A decisão foi publicada na última segunda-feira, dia 1º de setembro, pela juíza Patrícia Antunes Laydner, da Vara Regional do Meio Ambiente, que determinou, em sentença, que fosse proibido o uso e a aplicação do herbicida em toda a região da Campanha Gaúcha, localizada na metade Sul do Rio Grande do Sul, hoje uma grande produtora de soja.

A proibição também passa a valer em outras regiões gaúchas, para propriedades distantes em até 50 metros de lavouras de uva e maçã.

Além disso, segundo a sentença, o governo estadual terá 120 dias para apresentar e iniciar a execução de um plano de monitoramento e fiscalização, além de definir as zonas de exclusão permanente. Caso o Executivo gaúcho não cumpra a decisão, a multa diária é de R$ 10 mil.

A sentença do processo, que transita em julgado e ainda cabe recurso, atende a uma ação civil pública ajuizada em 2020 pela Associação Gaúcha de Produtores de Maçã e pela Associação dos Produtores de Vinhos Finos da Campanha Gaúcha contra o Estado do Rio Grande do Sul.

Na ocasião, os representantes dos produtores alegaram que sua produção vinha sofrendo, há anos, com a disseminação do herbicida 2,4-D, aplicado antes do plantio de soja para o controle da erva daninha buva, resistente ao glifosato, em suas lavouras.

Esse fenômeno é conhecido como deriva e é favorecido pela forte incidência de ventos que coincidem com a época de aplicação do herbicida na soja e no milho, que ocorre entre o fim do inverno e o início da primavera. Com a força do vento, o herbicida pode atingir até 30 quilômetros do local de aplicação, segundo a sentença.
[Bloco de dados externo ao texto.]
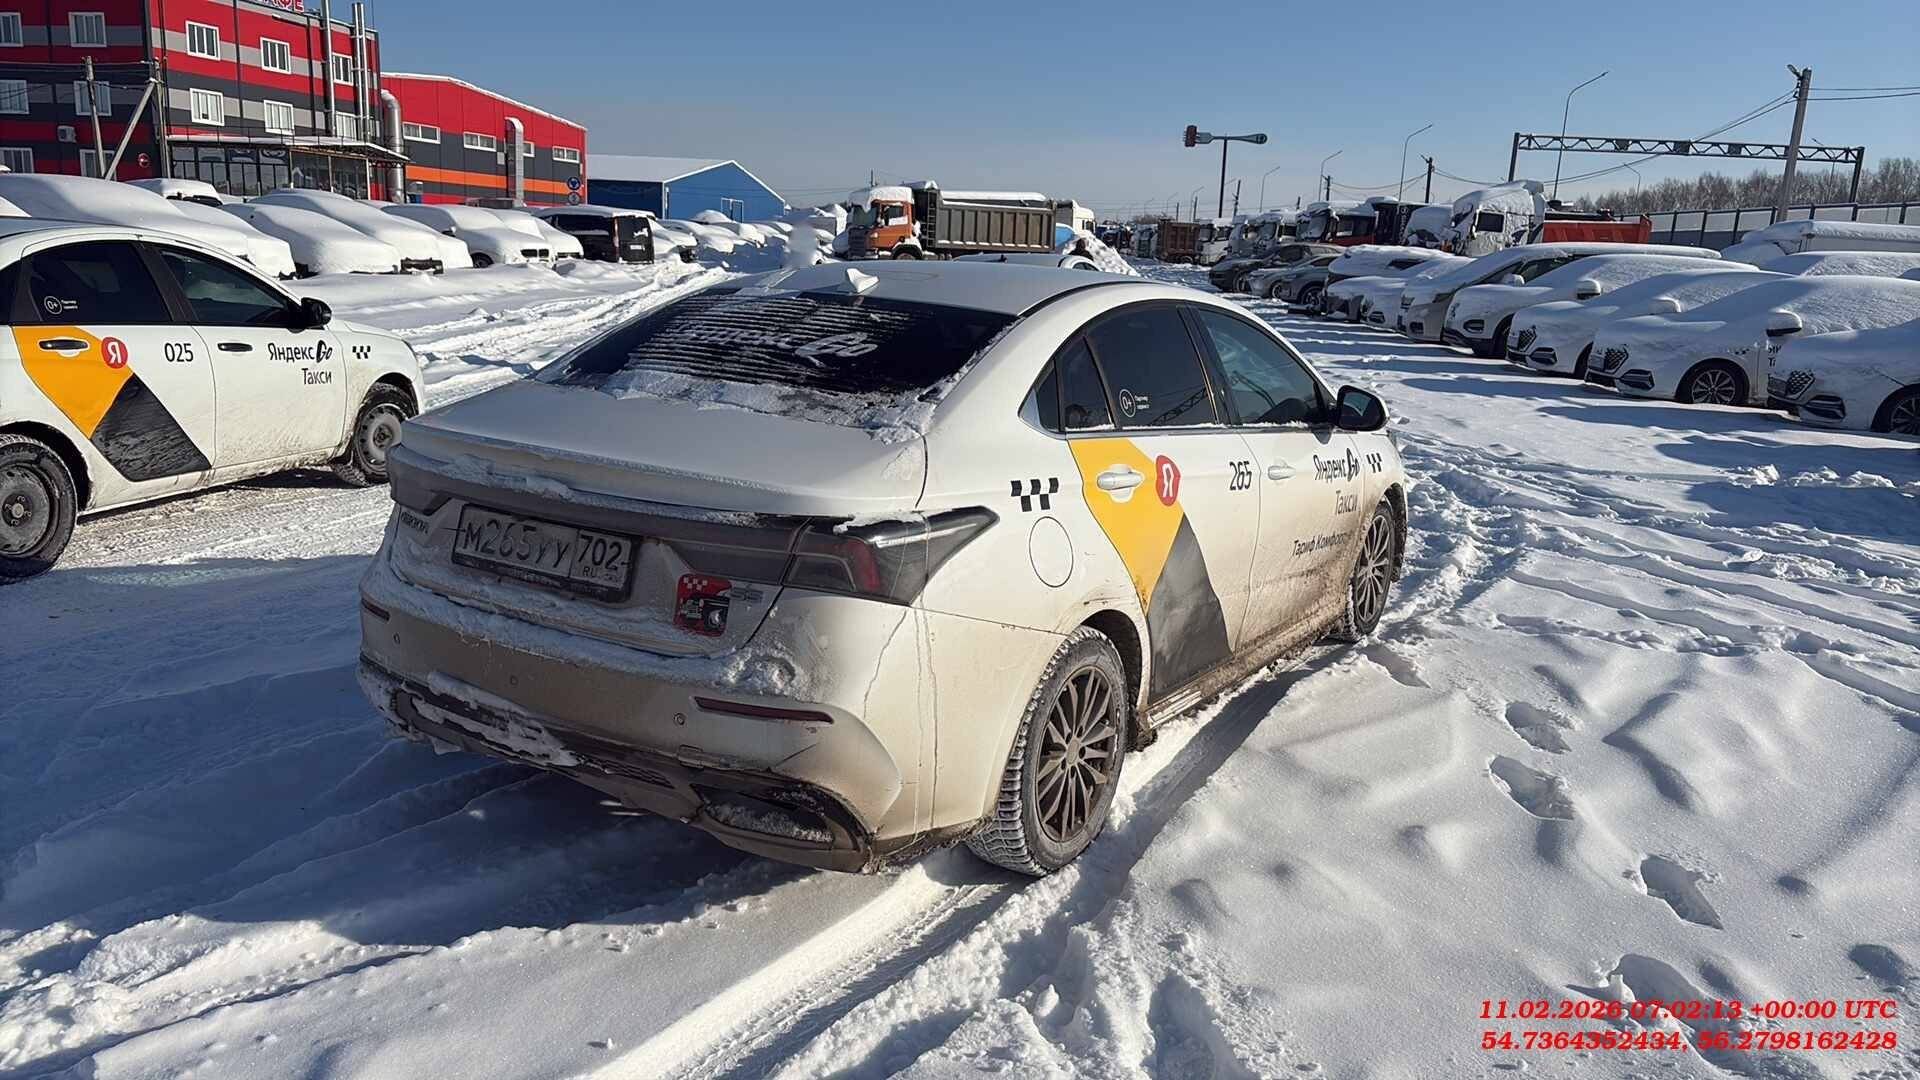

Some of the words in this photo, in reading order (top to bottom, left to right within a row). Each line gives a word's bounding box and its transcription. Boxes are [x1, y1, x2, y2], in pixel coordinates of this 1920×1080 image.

A situação nas lavouras gaúchas foi piorando ao longo dos anos, relata a íntegra da decisão judicial, obtida pelo AgFeed.

De acordo com o texto, os primeiros registros de danos a culturas sensíveis ocorreram em 2015, em Jaguari (RS), e a partir de 2018, os casos se multiplicaram. Naquele ano, em análise feita pela Secretaria da Agricultura e Pecuária do governo gaúcho, 85,2% das 81 amostras estavam contaminadas pelo herbicida 2,4-D, inclusive em casos de propriedades que não eram vizinhas diretamente de lavouras de soja.

Em 2019, a quantidade de casos subiu, chegando a 108 registros, número que caiu para 72 em 2021 e 43 em 2022, mas voltou a subir em 2023, quando foram confirmados 85 casos.

A juíza destacou que, mesmo quando aplicado conforme as boas práticas agrícolas, o 2,4-D também apresenta alto potencial de deriva.

Laudos anexados ao processo apontaram índices de contaminação superiores a 80% em safras recentes, segundo a magistrada, "revelando que a simples adoção de programas de boas práticas, sem monitoramento efetivo e plano de amostragem sistemático, mostra-se insuficiente para evitar os grandes danos ambientais.”

Além disso, a sentença atentou para o fato de que a própria bula do produto alerta que os cuidados devem ser redobrados se o herbicida for aplicado próximo de culturas sensíveis, pelo alto potencial de contaminação por deriva.

A prescrição do produto também recomenda que o herbicida não seja aplicado quando a velocidade do vento estiver acima de 10 km/h, pela possibilidade de o produto ser deslocado para outras áreas com a força do evento.

Como há risco de deriva acima de 50% na maior parte do Rio Grande do Sul ao longo de todo o ano, segundo estudo da Universidade Federal da Fronteira Sul (UFFS), com base em dados meteorológicos do Instituto Nacional de Metereologia (Inmet) e relatos de testemunhas arroladas no processo, a aplicação segura do 2,4-D passou a representar um "desafio signficativo e de difícil controle", na avaliação da juíza Laydner.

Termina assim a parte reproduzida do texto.